Thank you for your bug report.

However, if you take a look at the explain output:

 explain SELECT `event`.`eventid` FROM `event`, `topic` WHERE `topic`.`topicid` MEMBER OF (`event`.`content`->'$.TopicIds[*]') AND `topic`.`important` = 1;
+----+-------------+-------+------------+------+---------------+--------------+---------+-------+------+----------+--------------------------------------------+
| id | select_type | table | partitions | type | possible_keys | key          | key_len | ref   | rows | filtered | Extra                                      |
+----+-------------+-------+------------+------+---------------+--------------+---------+-------+------+----------+--------------------------------------------+
|  1 | SIMPLE      | topic | NULL       | ref  | important_ix  | important_ix | 2       | const |   90 |   100.00 | Using index                                |
|  1 | SIMPLE      | event | NULL       | ALL  | NULL          | NULL         | NULL    | NULL  | 5000 |   100.00 | Using where; Using join buffer (hash join) |
+----+-------------+-------+------------+------+---------------+--------------+---------+-------+------+----------+--------------------------------------------+

you will notice that the plan that was adopted is far more efficient then if the JSON multi-valued index were used.

That is very easy to conclude.

We also think that you can not join two tables with MEMBER OF operator, but we shall have to enquire about that.

Not a bug.
[10 Feb 2023 15:01] Jonathan Balinski
How is that the most efficient query plan?  It is doing a full table scan on the event table.  The test case I submitted only inserts a small amount of data in the event table but our event table equivalent in real life has millions of rows.  Running a full table scan when an index lookup is available is not good.
[10 Feb 2023 15:09] MySQL Verification Team
Hi,

There are simply no alternatives.

First of all, JOIN is performed by the hashing algorithm, which is the only alternative left.

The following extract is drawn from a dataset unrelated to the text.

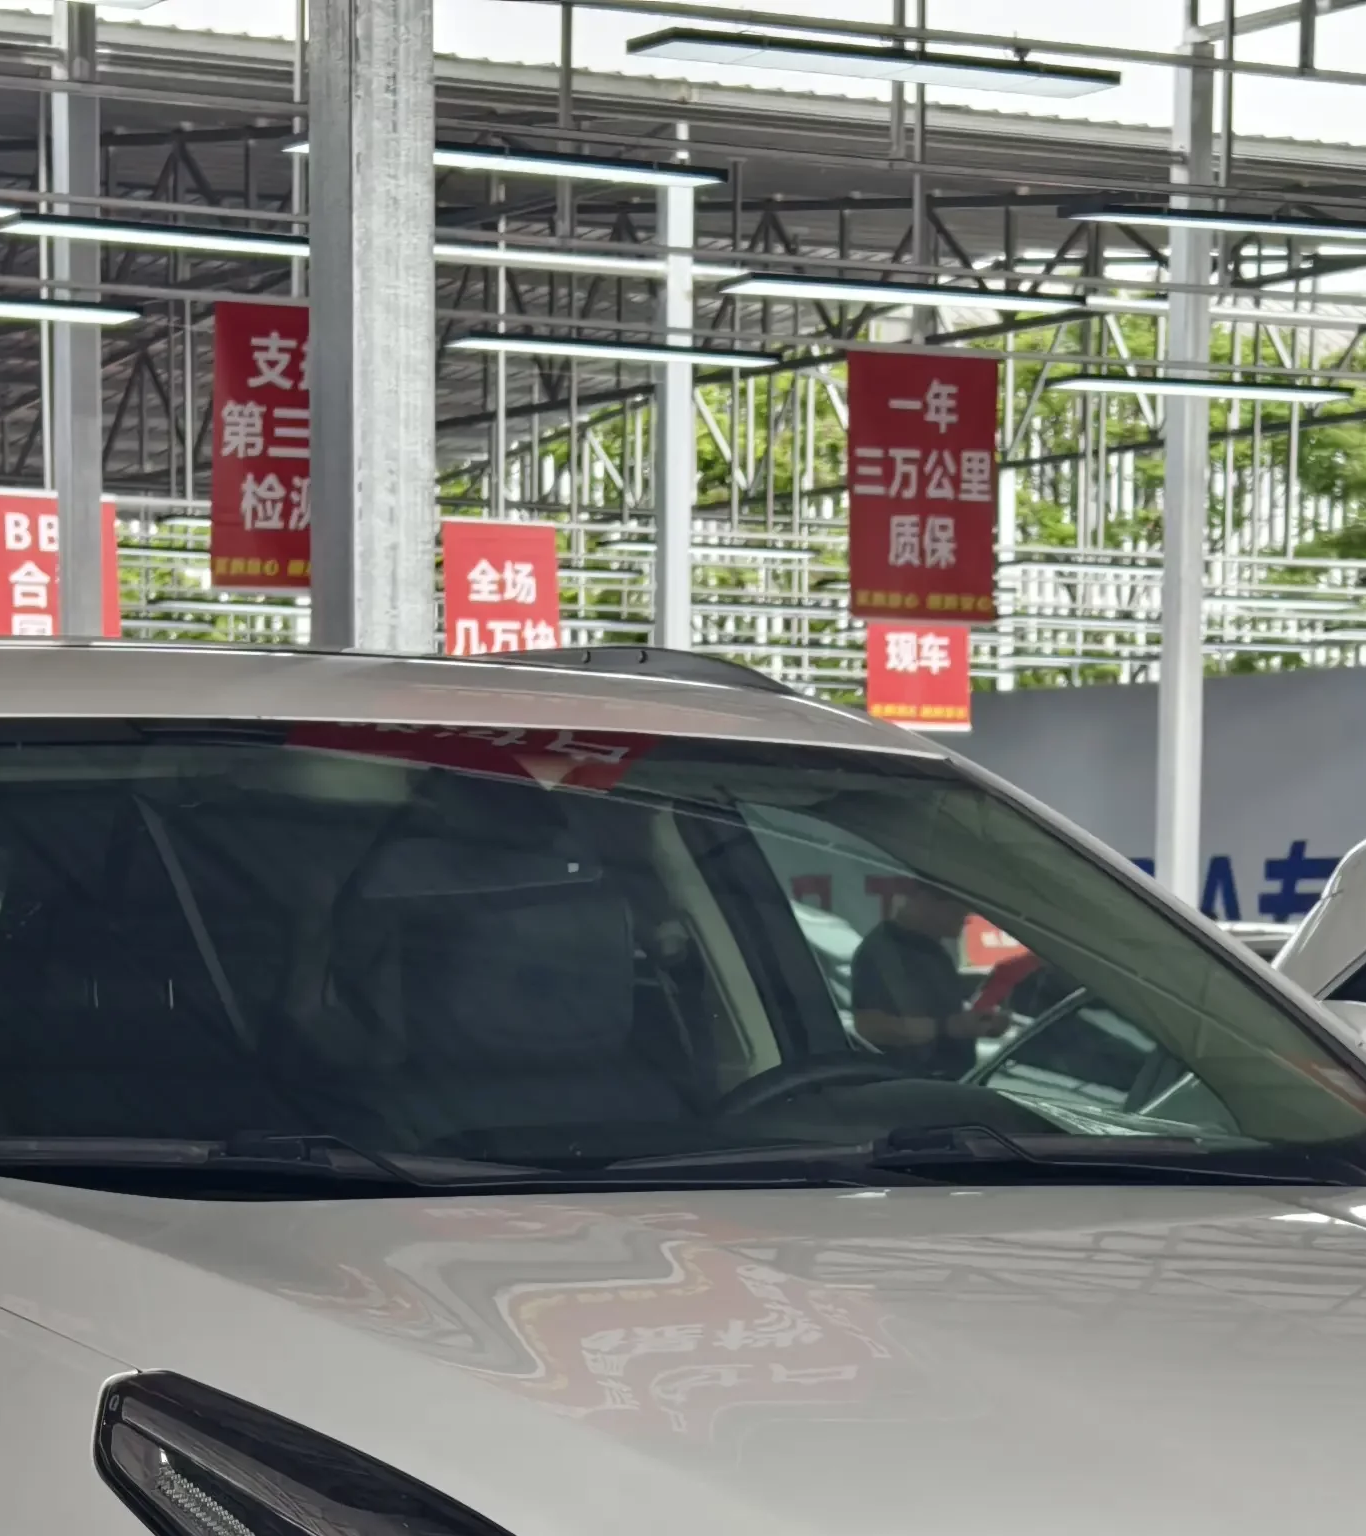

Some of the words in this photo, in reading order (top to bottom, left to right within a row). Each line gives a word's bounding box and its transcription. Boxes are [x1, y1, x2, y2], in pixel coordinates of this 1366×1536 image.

Second, MEMBER OF, as stipulated in your query, can not be used as an index.

We are considering documenting the previous statement in our Reference Manual, but please wait until next week regarding that, since we are waiting on some clarifications on the matter.
[10 Feb 2023 15:53] Jonathan Balinski
Just to clarify, MEMBER OF does utilize the index for simple cases like the one I provided:

SELECT `event`.`eventid` FROM `event`
WHERE 400 MEMBER OF (`event`.`content`->'$.TopicIds[*]')
[13 Feb 2023 13:22] MySQL Verification Team
Hi,

Yes, we are quite aware of that .......
[13 Feb 2023 14:27] Knut Anders Hatlen
Thanks for the report. This looks like a valid feature request. (I think the limitation currently applies to all functional indexes and indexes on generated columns, not only multi-valued indexes.)
[14 Feb 2023 9:23] Knut Anders Hatlen
I've filed a documentation bug to clarify the current limitations (bug#110059).
[14 Feb 2023 11:59] MySQL Verification Team
Thank you, Knut ......
[20 Nov 2023 11:11] C Cl
I am running in the same issue as the original post 

Uses the index ✅ : 

```
SELECT 
  content.id 
FROM 
  content 
WHERE 
  123 MEMBER OF (content.media_ids);`
```

Doesn't use the index ❌ :

```
SELECT 
  media.id, 
  (SELECT count(*)
     FROM content
     WHERE media.id MEMBER OF ( content.media_ids)
  ) as 'count'
FROM 
  media
WHERE
  media.id = 123;
```

I have also tried with join, lateral join without any luck. From what i understand of the above conversation this is not supported and I think this would be a great addition to the multi-valued index features.
[20 Nov 2023 11:24] MySQL Verification Team
Hi,

These are two different types of queries and those can not be compared.

Your second query can not use indices since it is a dependent nested query.

You can rewrite your query into semi-join which would use indices.

This is a forum for bug reports and we do not provide here advices on how to improve performance.